* **WORK TO BE COMPLETED**
With pictures omitted, output the records below exactly as they appear.

* **Stored data entries**
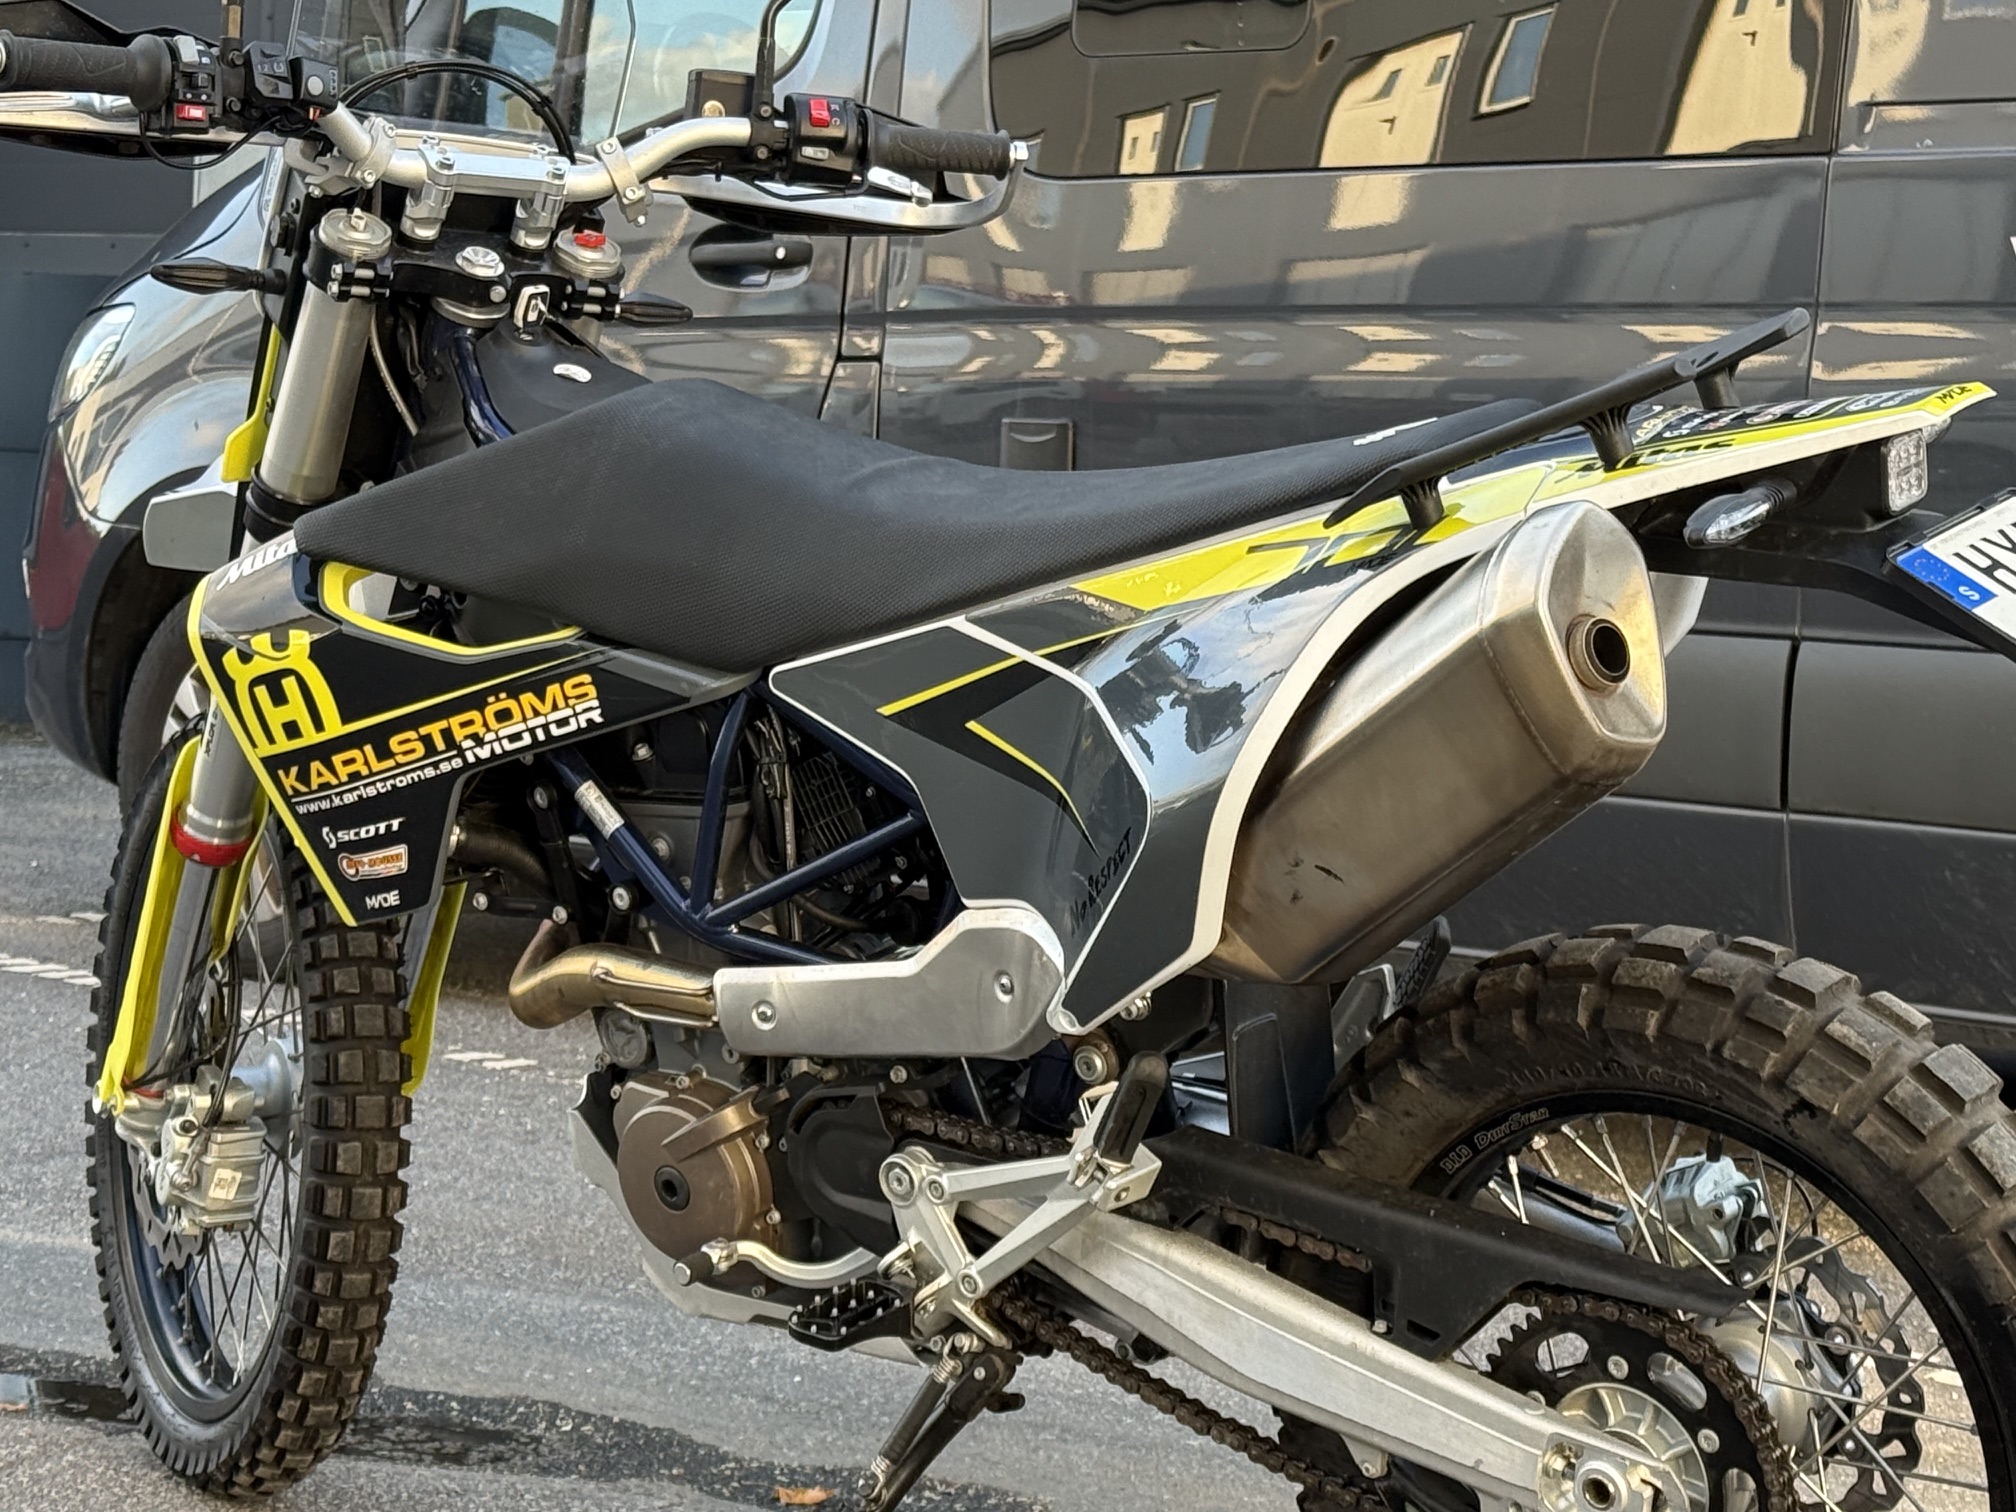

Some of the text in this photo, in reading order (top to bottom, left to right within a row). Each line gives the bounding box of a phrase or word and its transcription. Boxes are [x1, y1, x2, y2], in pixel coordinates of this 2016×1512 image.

[1952, 522, 2016, 595] HY
[1957, 584, 1981, 602] S
[277, 673, 597, 796] KARLSTRÖMS
[460, 698, 605, 764] MOTOR
[295, 756, 464, 815] www.karlstroms.se
[336, 816, 406, 843] SCOTT
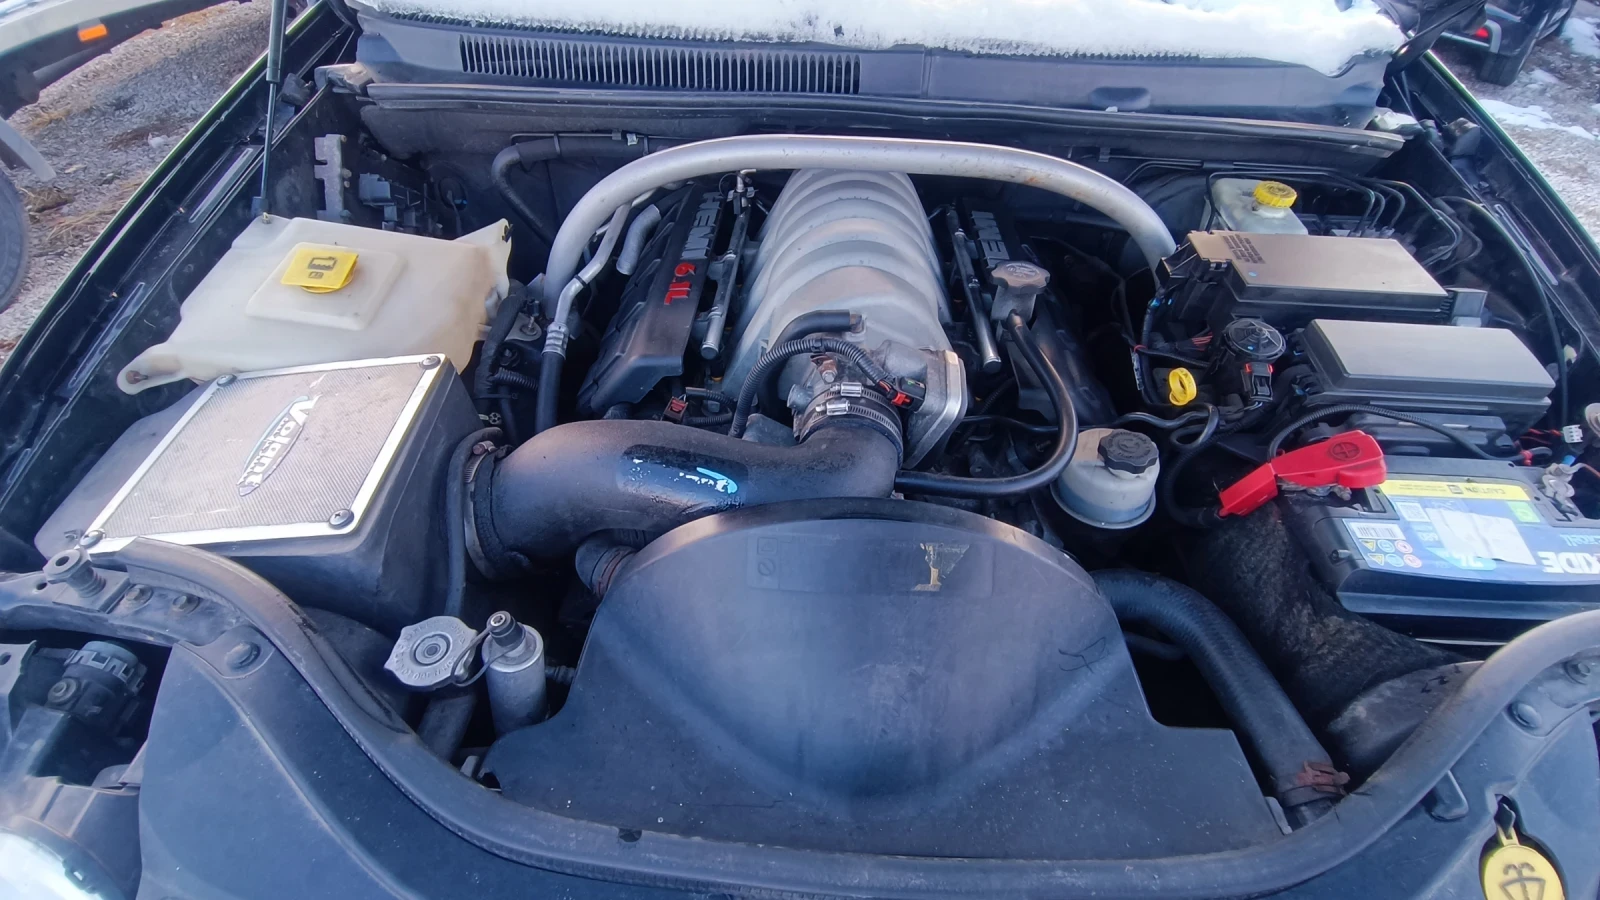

* **COMPLETED TASK**
Some of the text in this photo, in reading order (top to bottom, left to right within a row). Each line gives the bounding box of a phrase or word and its transcription. Boxes are [x1, y1, x2, y2], in pixel coordinates of this 2016×1512 image.

[1952, 522, 2016, 595] HY
[1957, 584, 1981, 602] S
[277, 673, 597, 796] KARLSTRÖMS
[460, 698, 605, 764] MOTOR
[295, 756, 464, 815] www.karlstroms.se
[336, 816, 406, 843] SCOTT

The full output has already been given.